We definitely think that they are one of our favourite Indie breakout acts of the moment. We got the chance to touch base with guitarist Rutger Rosenborg to get to know them a bit better, and discuss their latest EP titled Channels, which you can stream below:
Who is Ed Ghost Tucker?
We are four childhood friends from San Diego, and we dabble in a variety of forms of pop music from doo-wop to new wave and art-rock to world-pop.
Who came up with the name? What does it mean?
The name came to us randomly one day in the form of a business transaction at a veterinary clinic, and we chose it because it sounded similar to this other, previous name we had chosen. So, at that moment, it “felt” right. I think the name means less than the spontaneous circumstances that led us to it.
You recently released your first EP titled “Channels”, take us through your process of writing, recording and producing this album. At what point did you feel comfortable finalizing and delivering the product?
The process was rather like putting a puzzle together for eight months, which reflects the aesthetic of the EP itself. We pieced different parts together in both the writing and recording processes and often both processes overlapped. For example, “Mom Got Fat” was primarily recorded at a studio (Lower Warehouse recording), but we added a lot of aspects to the song where we recorded a lot of the other songs: at Ryan’s house, Rutger’s house, and our friend Dan’s house. Producing the EP ourselves gave us the freedom to do whatever we wanted to do, and over the span of eight months, we added pieces to each song, took them away, changed rhythms, melodies, and harmonies. It was a constant process of editing. That’s why each song and the project as a whole are densely packed with varied fragments of the past and the present.

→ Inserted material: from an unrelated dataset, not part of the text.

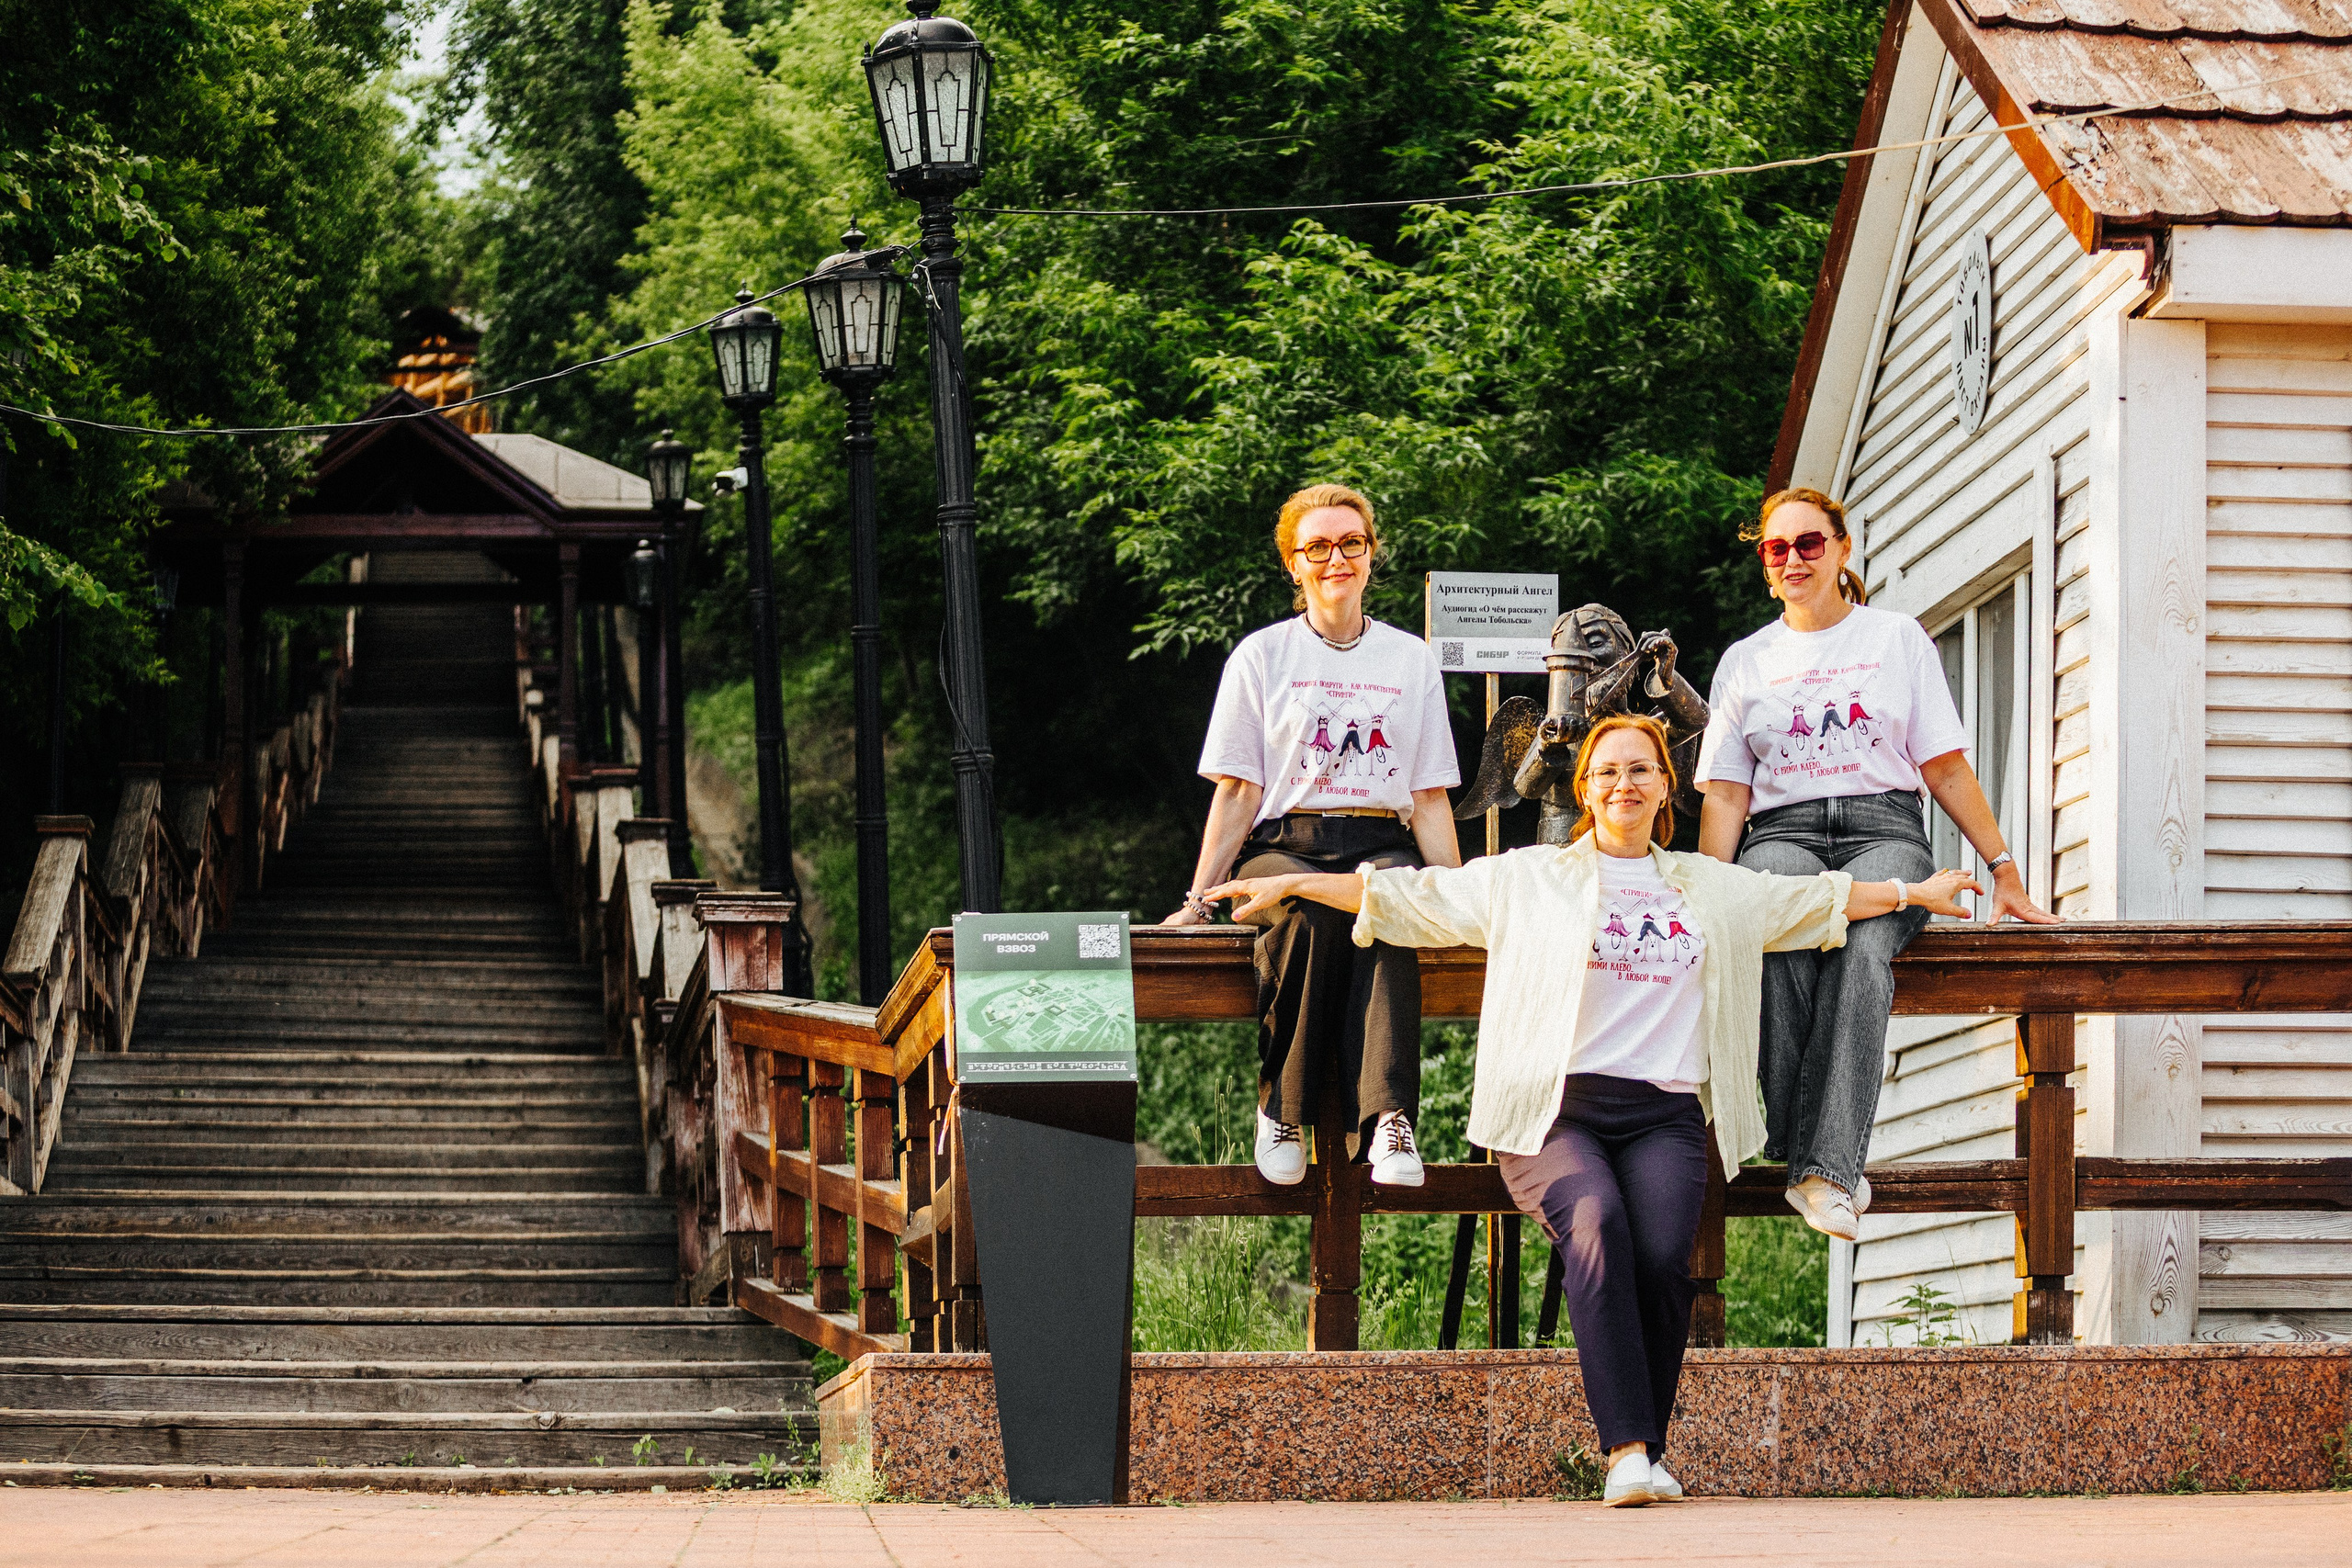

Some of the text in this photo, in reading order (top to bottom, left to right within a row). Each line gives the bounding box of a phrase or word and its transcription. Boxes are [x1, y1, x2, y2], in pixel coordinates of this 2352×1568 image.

When we write, we do it spontaneously and intuitively. After we’ve written something, we can get pretty methodical about editing it. Sometimes we think about it too much. We’re constantly making adjustments to rhythms, harmonies, lyrics – even entire structures. I think we’re just very wary of homogenization and calling any form complete. It can be a terrifying feeling to know that, for all intents and purposes, what you are creating will be reproduced, heard, and experienced in a more uniform manner than ever before. It’s a phenomenon in art (music especially) that’s incredibly recent, and it has everything to do with technology and digital/mechanical reproduction. Whether consciously or not, I think we are constantly struggling with how to come to terms with this. One of my favorite epigraphs to a book is from E.M. Forster’s The Longest Journey: “A work of art is never finished. It is merely abandoned.” It’s taken us two years to finally abandon these songs.
Which track stands out the most from the album? Why?
Because each track is so unique in its own way, I don’t know that any of the tracks stand out most to us. In fact, it’s hard to understand any one of these songs without considering them within the context of the whole.
What are the type of people you imagine listen to your music?
I don’t like to consider people as “types,” so I would imagine a vast array of people listening to our music. By that I don’t mean a lot of people, but a wildly diverse group of people (culturally, intellectually, emotionally, etc.).
What do you envision for 2015? What’s your plan?
2015 is pretty wide open for us right now. By summer, we plan on recording another 6 songs and releasing them with Channels on vinyl. After that, we’ll do whatever inspires us most, whether that’s touring, writing, or recording.